Today, Chief Deputy Whip Patrick McHenry (R, NC-10), the Vice Chairman of the House Financial Services Committee introduced H.R. 4028, the Promoting Responsible Oversight of Transactions and Examinations of Credit Technology Act of 2017, or the PROTECT Act

Following the data breach at Equifax that exposed the personal data of over 140 million Americans, this bill would require the federal government to create uniform cybersecurity standards for credit bureaus and submit them to onsite examinations. The bill would also create a national framework for credit freezes so that victims of identity theft, active military personnel, people over 65 years of age, and children are protected. Finally, the bill would stop the credit bureaus from using Americans’ Social Security Numbers as a basis for identification by 2020.

“The Equifax data breach has harmed my constituents in western North Carolina and Americans across the country," said McHenry. "It exposed a major shortcoming in our nation’s cybersecurity laws and Congress must act. The bill I’ve introduced today takes an important first step in providing meaningful reforms to help Americans who have been impacted by this breach. It is focused on prevention, protection, and prohibition. 

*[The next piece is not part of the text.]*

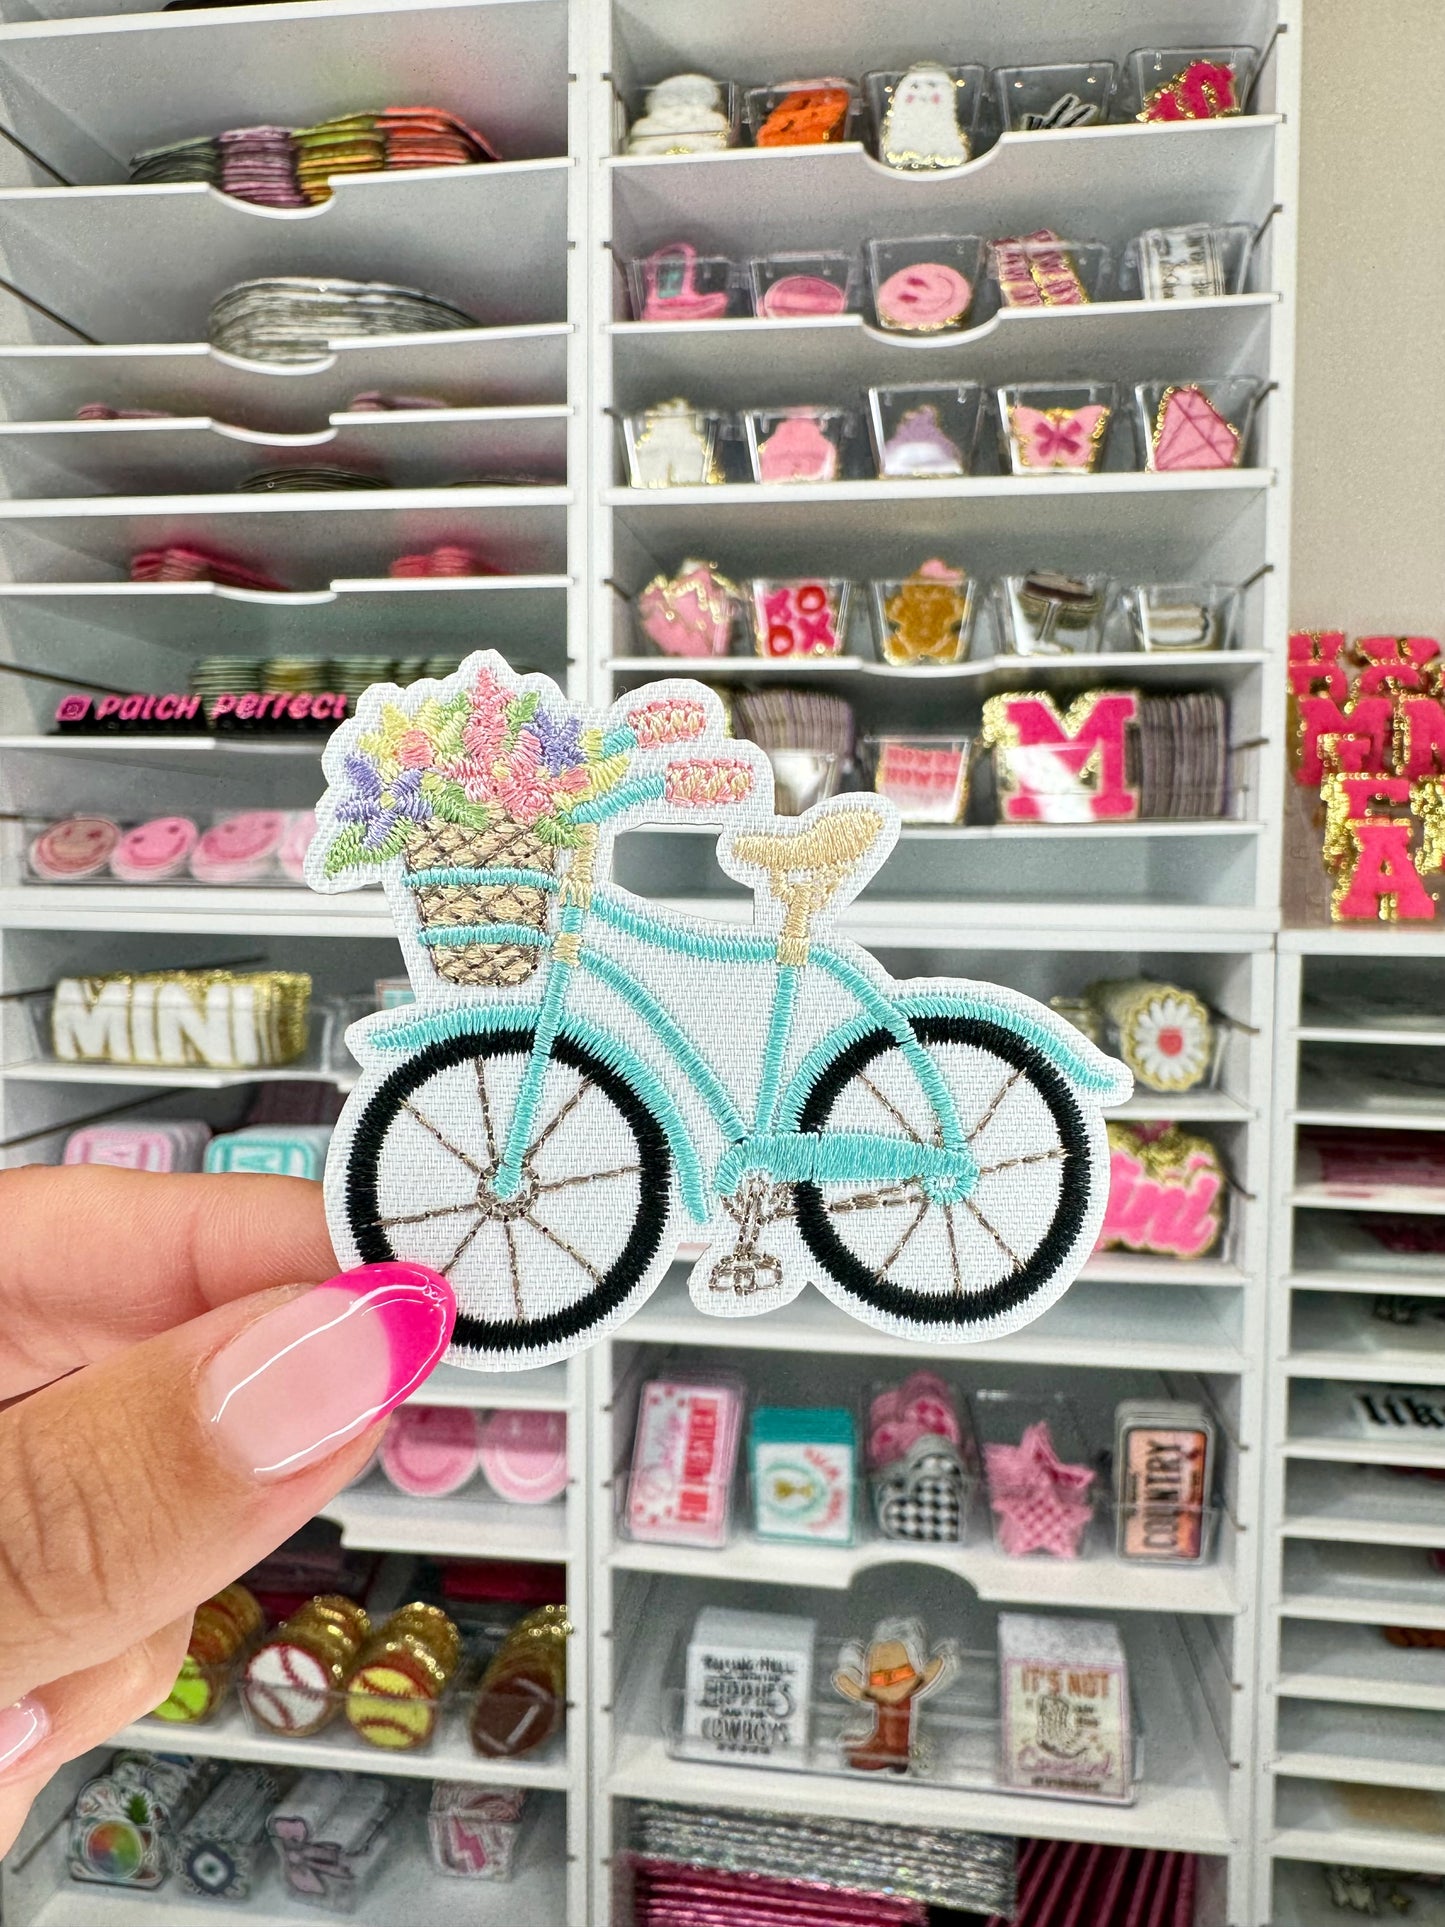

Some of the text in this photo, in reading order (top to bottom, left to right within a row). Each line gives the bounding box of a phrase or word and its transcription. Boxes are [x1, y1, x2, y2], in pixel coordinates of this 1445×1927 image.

“It prevents future harm to all Americans by requiring the largest credit reporting agencies to be subjected to the same standards and supervision as the rest of the financial industry," McHenry continued. "It protects Americans by creating a national credit freeze that actually works. Finally, it prohibits the largest credit reporting agencies from continuing to rely upon the most sensitive of Americans’ personal information: our Social Security Numbers.”

You can read more about the PROTECT Act in the Wall Street Journal by clicking here.

Background: H.R. 4028, the Promoting Responsible Oversight of Transactions and Examinations of Credit Technology Act of 2017, or the PROTECT Act, amends the Fair Credit Reporting Act to allow national security freezes for the files and credit records of protected consumers, and it creates a nationwide framework for credit freezes. Additionally, the bill establishes supervision and examination of large consumer reporting agencies under the Federal Financial Institutions Examination Council Act.  Finally, the bill prohibits the largest credit reporting agencies under 603(p) from using Social Security Numbers as a method of identification by 2020.